(Collection entries)
=== Section Start ===
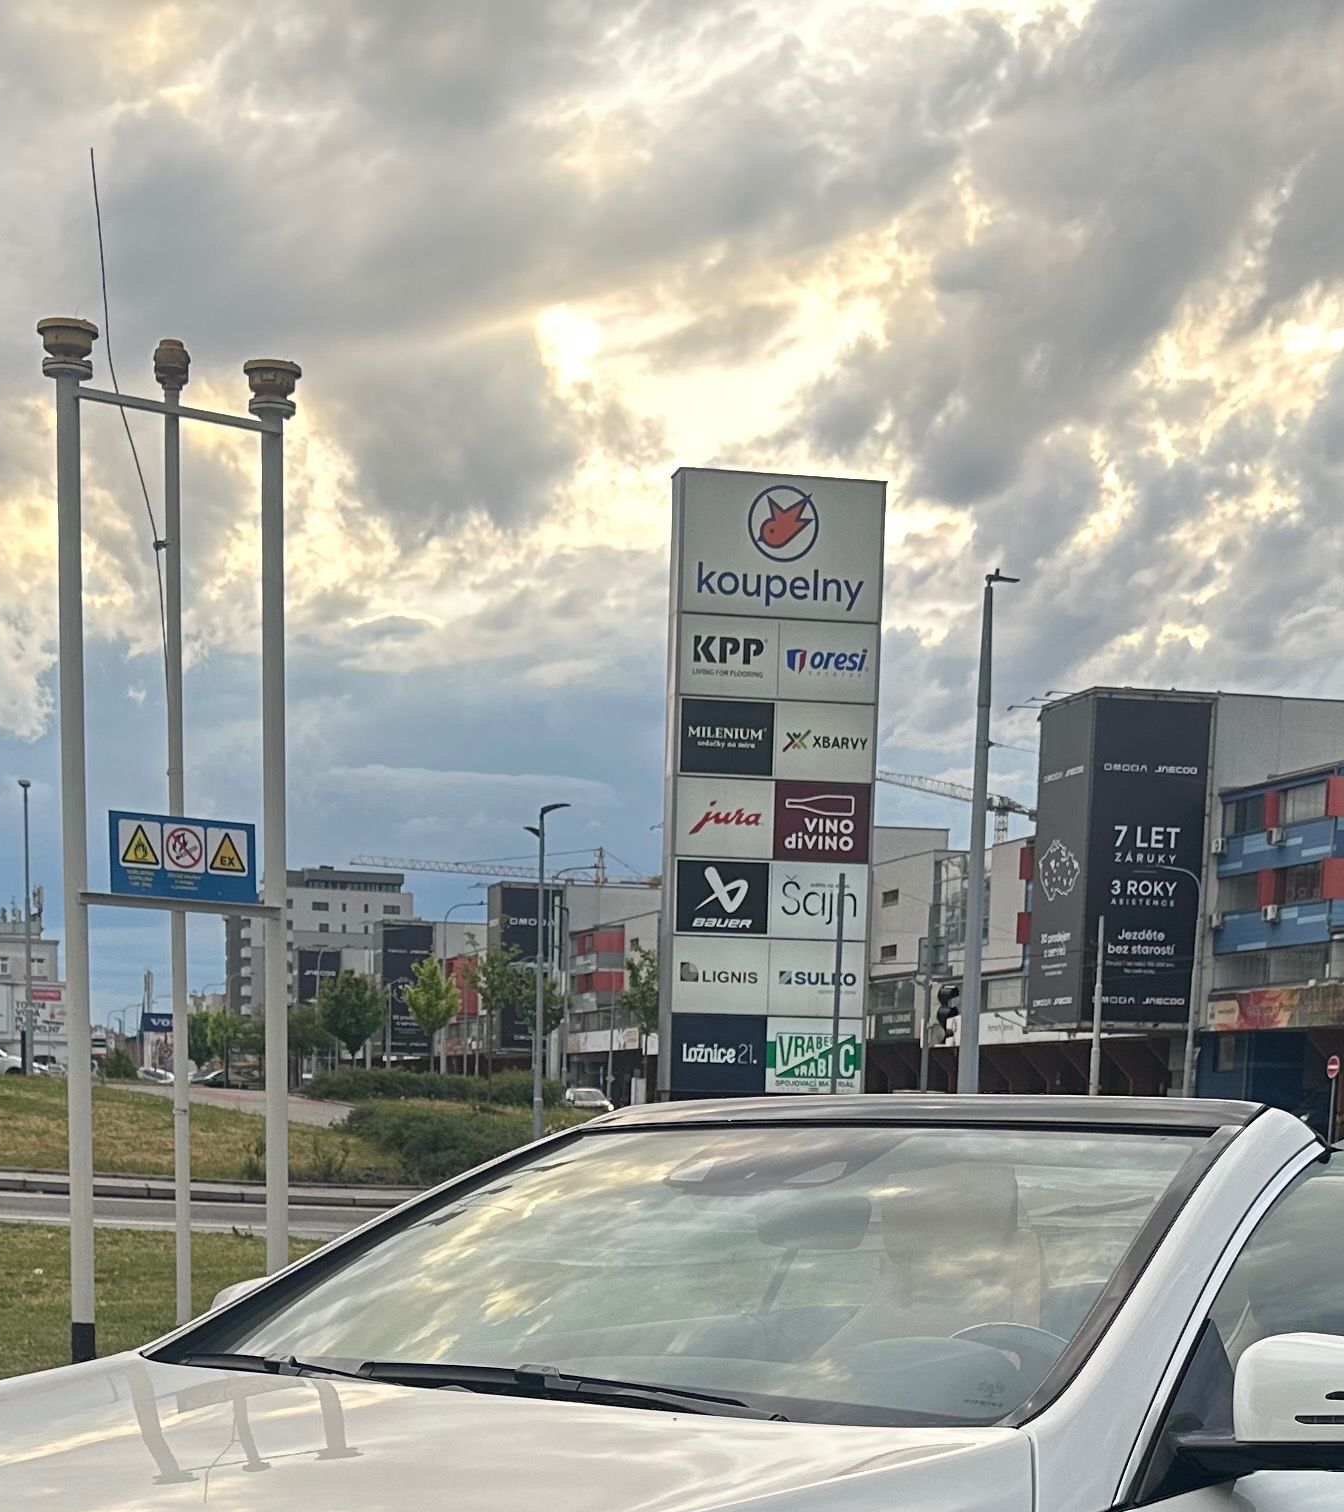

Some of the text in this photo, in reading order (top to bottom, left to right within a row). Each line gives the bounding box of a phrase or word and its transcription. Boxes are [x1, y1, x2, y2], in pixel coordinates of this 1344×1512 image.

[697, 561, 864, 611] koupelny
[693, 635, 764, 665] KPP
[810, 648, 868, 671] oresi
[688, 726, 763, 741] MILENIUM
[813, 736, 868, 750] XBARVY
[689, 800, 761, 835] jura
[805, 817, 854, 835] VINO
[784, 833, 854, 851] diVINO
[1114, 825, 1181, 849] 7 LET
[220, 856, 235, 866] EX
[1114, 851, 1177, 864] ZÁRUKY
[1111, 880, 1177, 897] 3 ROKY
[509, 917, 556, 926] OMOA
[691, 917, 753, 930] BAUER
[1107, 943, 1128, 954] bez
[702, 970, 758, 984] LIGNIS
[682, 1043, 736, 1064] Ložnice
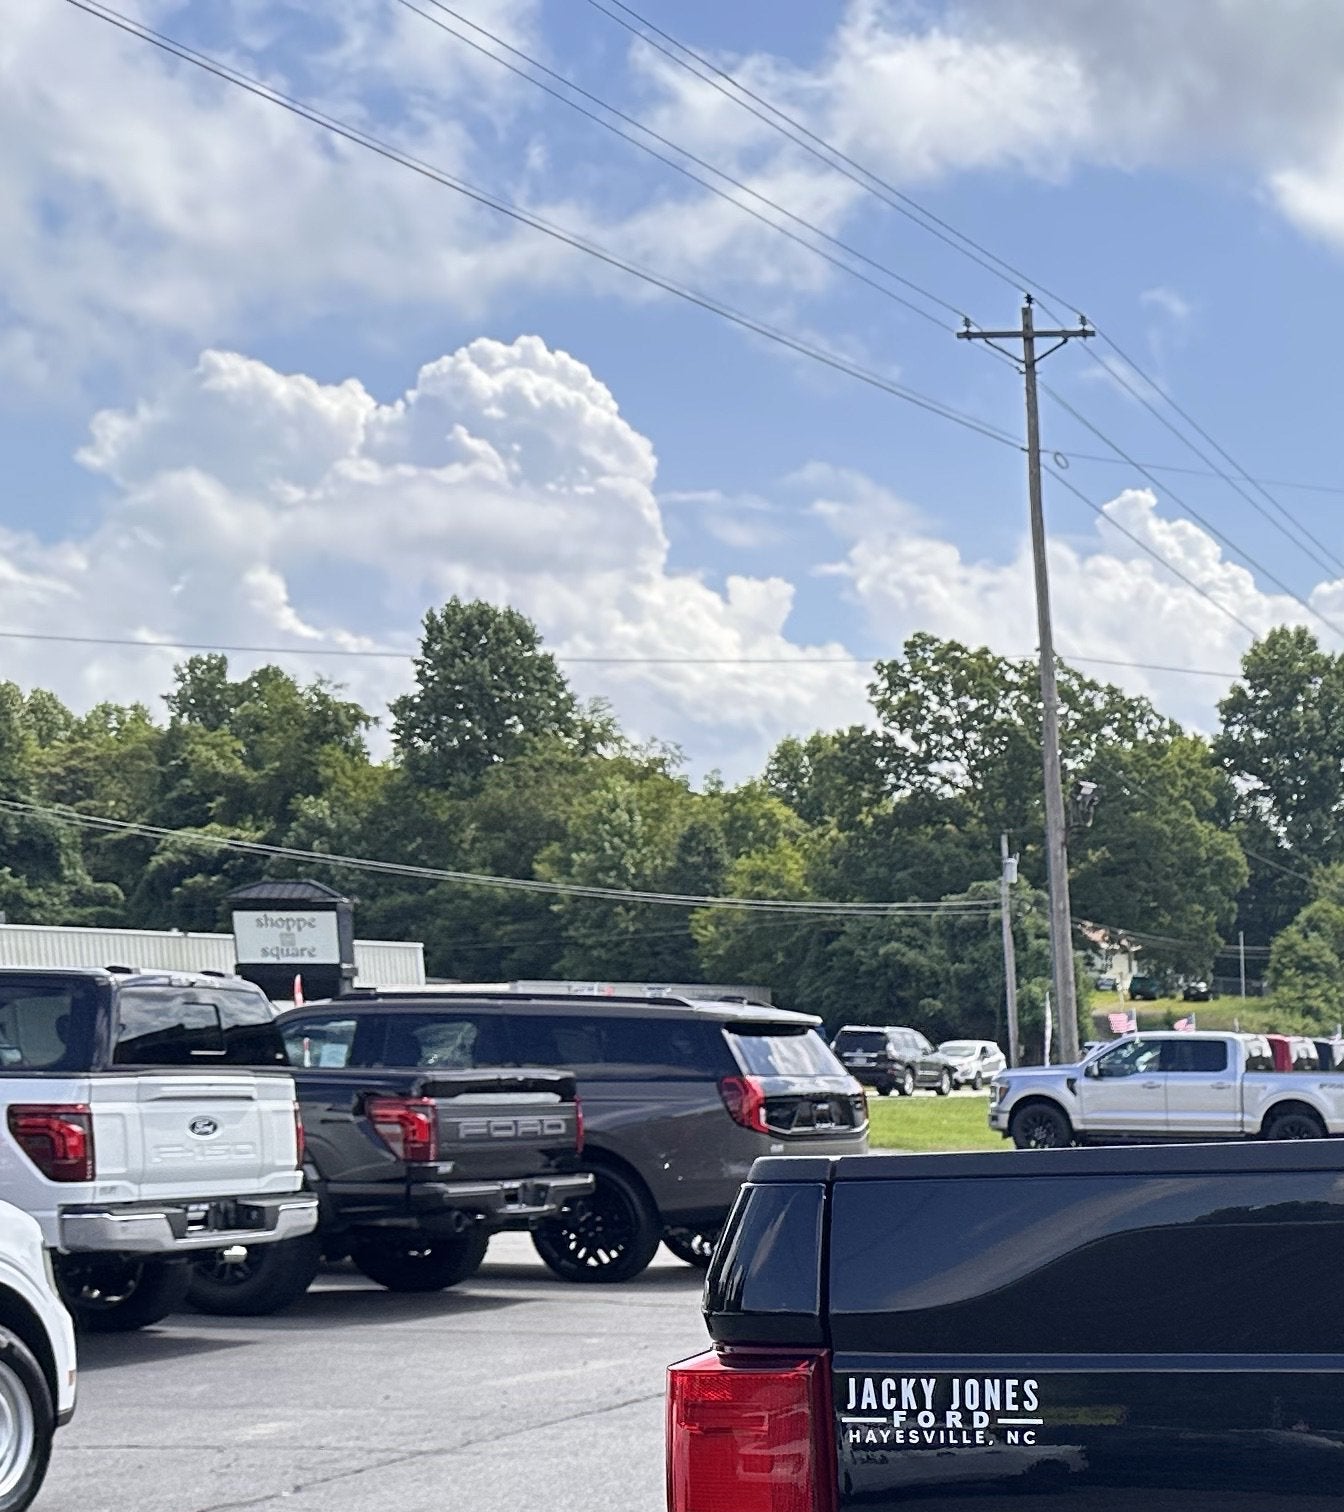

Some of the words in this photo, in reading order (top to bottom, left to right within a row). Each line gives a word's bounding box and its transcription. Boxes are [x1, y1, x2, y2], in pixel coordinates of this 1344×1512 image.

[256, 913, 316, 931] shoppe
[261, 945, 316, 960] square
[459, 1118, 566, 1139] FORD
[847, 1378, 937, 1410] JACKY
[950, 1378, 1039, 1411] JONES
[893, 1410, 990, 1428] FORD
[849, 1429, 994, 1446] HAYESVILLE,
[1006, 1430, 1036, 1445] NC
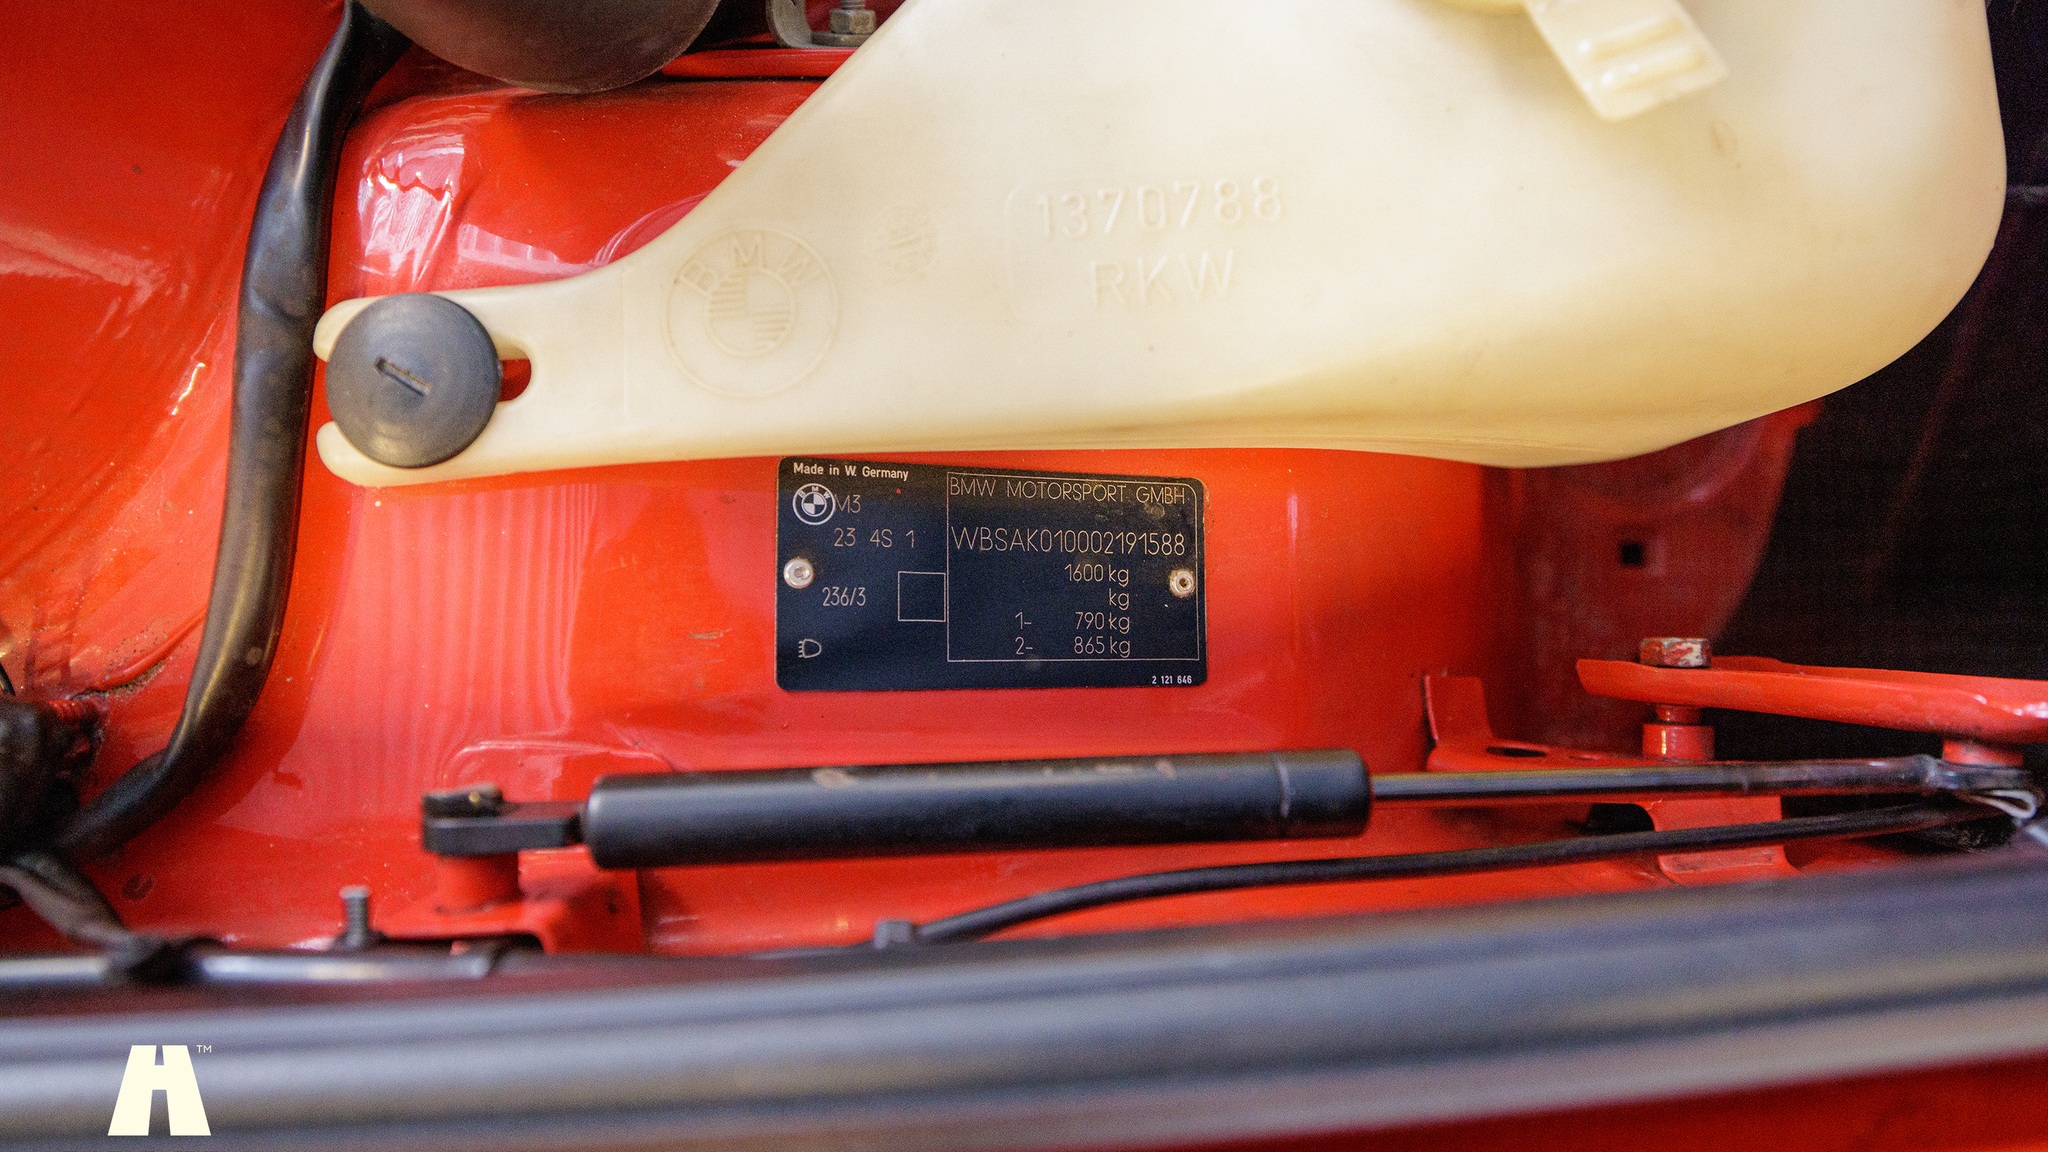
=== Section End ===
Your assignment » Output a verbatim copy of all entries above; no pictures go in it.

Response »
Some of the text in this photo, in reading order (top to bottom, left to right within a row). Each line gives the bounding box of a phrase or word and its transcription. Boxes are [x1, y1, x2, y2], in pixel coordinates of this 1344×1512 image.

[697, 561, 864, 611] koupelny
[693, 635, 764, 665] KPP
[810, 648, 868, 671] oresi
[688, 726, 763, 741] MILENIUM
[813, 736, 868, 750] XBARVY
[689, 800, 761, 835] jura
[805, 817, 854, 835] VINO
[784, 833, 854, 851] diVINO
[1114, 825, 1181, 849] 7 LET
[220, 856, 235, 866] EX
[1114, 851, 1177, 864] ZÁRUKY
[1111, 880, 1177, 897] 3 ROKY
[509, 917, 556, 926] OMOA
[691, 917, 753, 930] BAUER
[1107, 943, 1128, 954] bez
[702, 970, 758, 984] LIGNIS
[682, 1043, 736, 1064] Ložnice

Some of the words in this photo, in reading order (top to bottom, left to right within a row). Each line gives a word's bounding box and its transcription. Boxes are [x1, y1, x2, y2], in pixel coordinates of this 1344×1512 image.

[256, 913, 316, 931] shoppe
[261, 945, 316, 960] square
[459, 1118, 566, 1139] FORD
[847, 1378, 937, 1410] JACKY
[950, 1378, 1039, 1411] JONES
[893, 1410, 990, 1428] FORD
[849, 1429, 994, 1446] HAYESVILLE,
[1006, 1430, 1036, 1445] NC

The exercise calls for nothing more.